If you were building a house, how would you judge the success of the building? Would you judge it by the cost of materials, the time required to build, the effort you expended, the set backs you endured, the frustrations expierenced with contractors? Or would you not judge it by the finished product? Would you not wait to see how well it is built, how comfortable it is for your family, how it stands against the elements and its asthetic value?
If you were to pursue a college degree, when would you judge it as being a worthwhile undertaking? Would the cost of tuition or the diffficulty of the exams or the hours required in study be the deciding factor or would it not be that you received a degree that enabled you to enjoy a career and its benefits?
The point I am making is that the success of a journey is not determined by the difficulties one encounters along the way, difficulties come and go. It is not determined by the cost, costs rise and fall. It is not determined by its ease, the level of difficulty vacilates with the changing terrain. You judge the success of a journey according to whether or not you arrived at the desired destination.
This is the reality of the Christian walk. We will experience difficulty along the way. As a child of God, you will have bad experiences along with the good. Your journey through life takes you through enemy terriorty and attacks from the Evil One are guaranteed as you move toward your heavenly calling. You will find that life in the Son brings heat from Satan as well as cooling shade from the Spirit.

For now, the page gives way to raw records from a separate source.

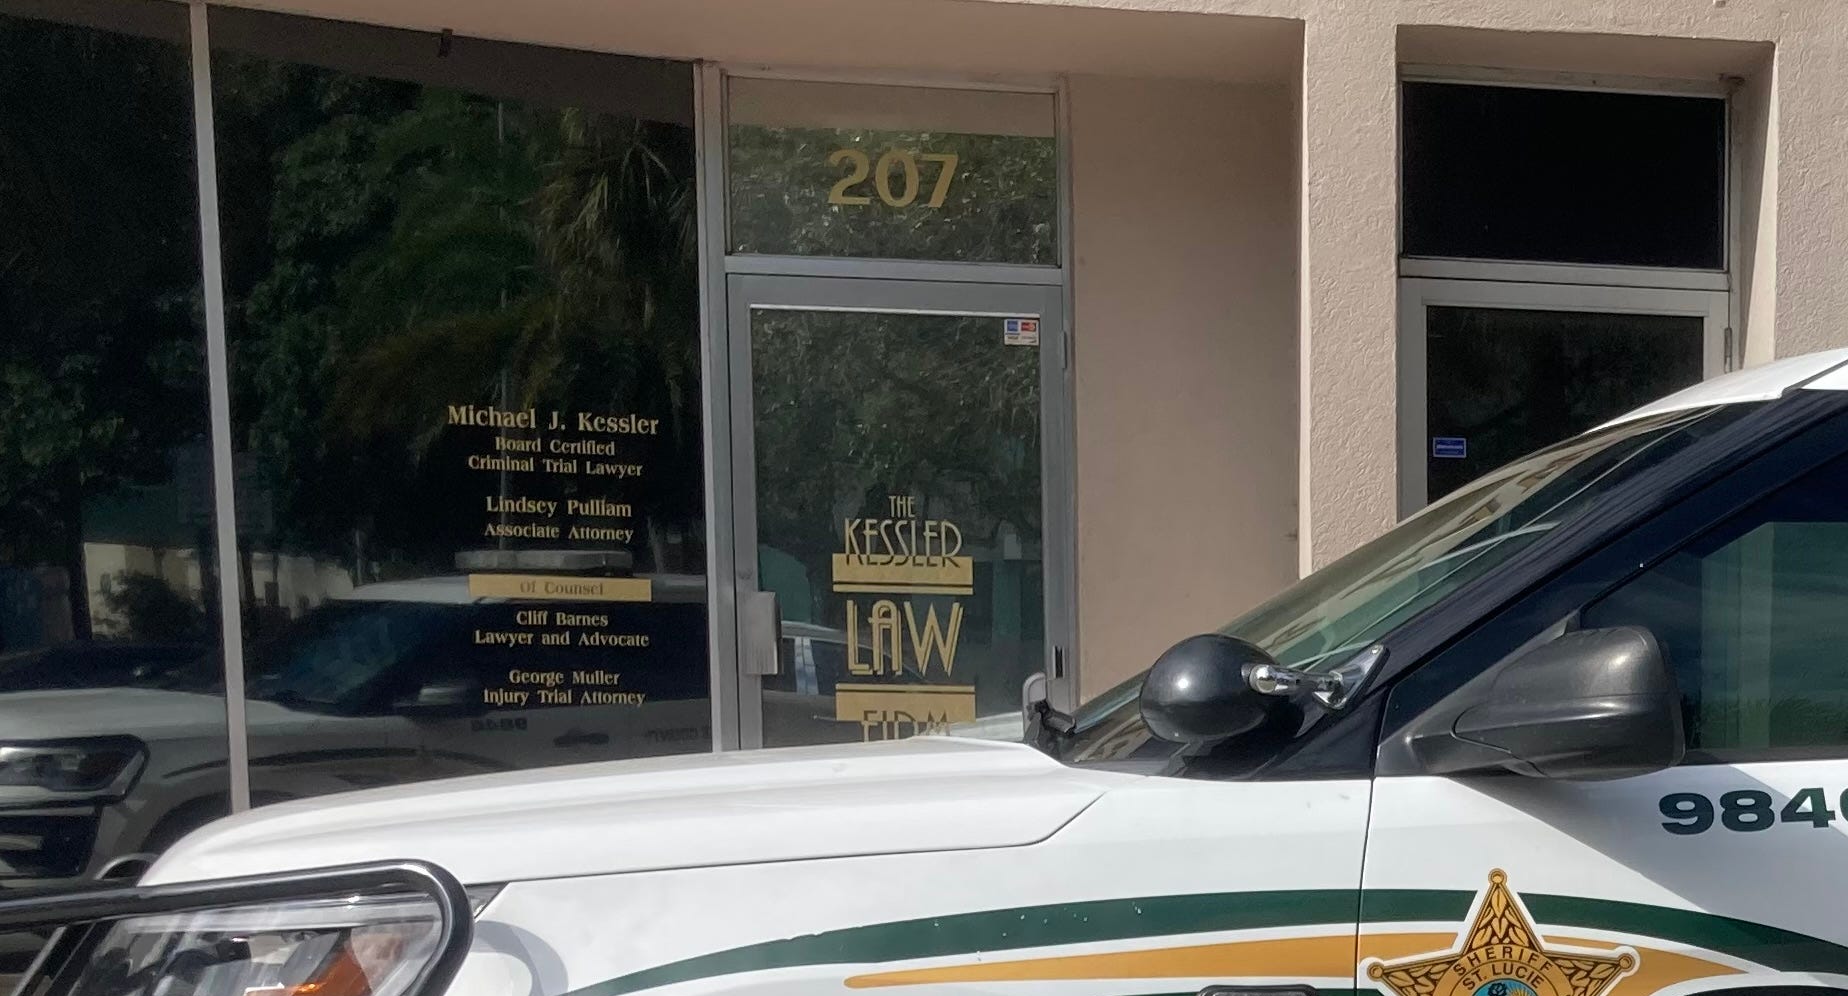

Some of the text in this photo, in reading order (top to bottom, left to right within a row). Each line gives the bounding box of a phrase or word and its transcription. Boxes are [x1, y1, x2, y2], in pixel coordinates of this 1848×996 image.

[827, 149, 959, 208] 207
[448, 405, 659, 435] Michael J. Kessler
[495, 436, 616, 457] Board Certified
[468, 455, 643, 478] Criminal Trial Lawyer
[486, 496, 632, 517] Lindsey Pulliam
[888, 495, 916, 518] THE
[484, 524, 634, 544] Associate Attorney
[844, 518, 963, 568] KESSLER
[520, 580, 605, 596] Of Counsel
[516, 611, 609, 626] Cliff Barnes
[475, 630, 649, 647] Lawyer and Advocate
[846, 599, 964, 677] LAW
[509, 669, 620, 686] George Muller
[483, 689, 646, 708] Injury Trial Attorney
[1453, 945, 1554, 976] SHERIFF
[1462, 963, 1545, 991] ST. LUCIE

What makes this journey with Christ worth the trip is not necessarily the smoothness of the sailing but rather the skill of the Captain to bring us to that land where the blessings of God will never be interrupted again, where life is found in its fullness and death is emptied of its power. As Paul writes in Romans 8:18, "I consider that our present sufferings are not worth comparing with the glory that will be revealed in us." Jus' Sayn.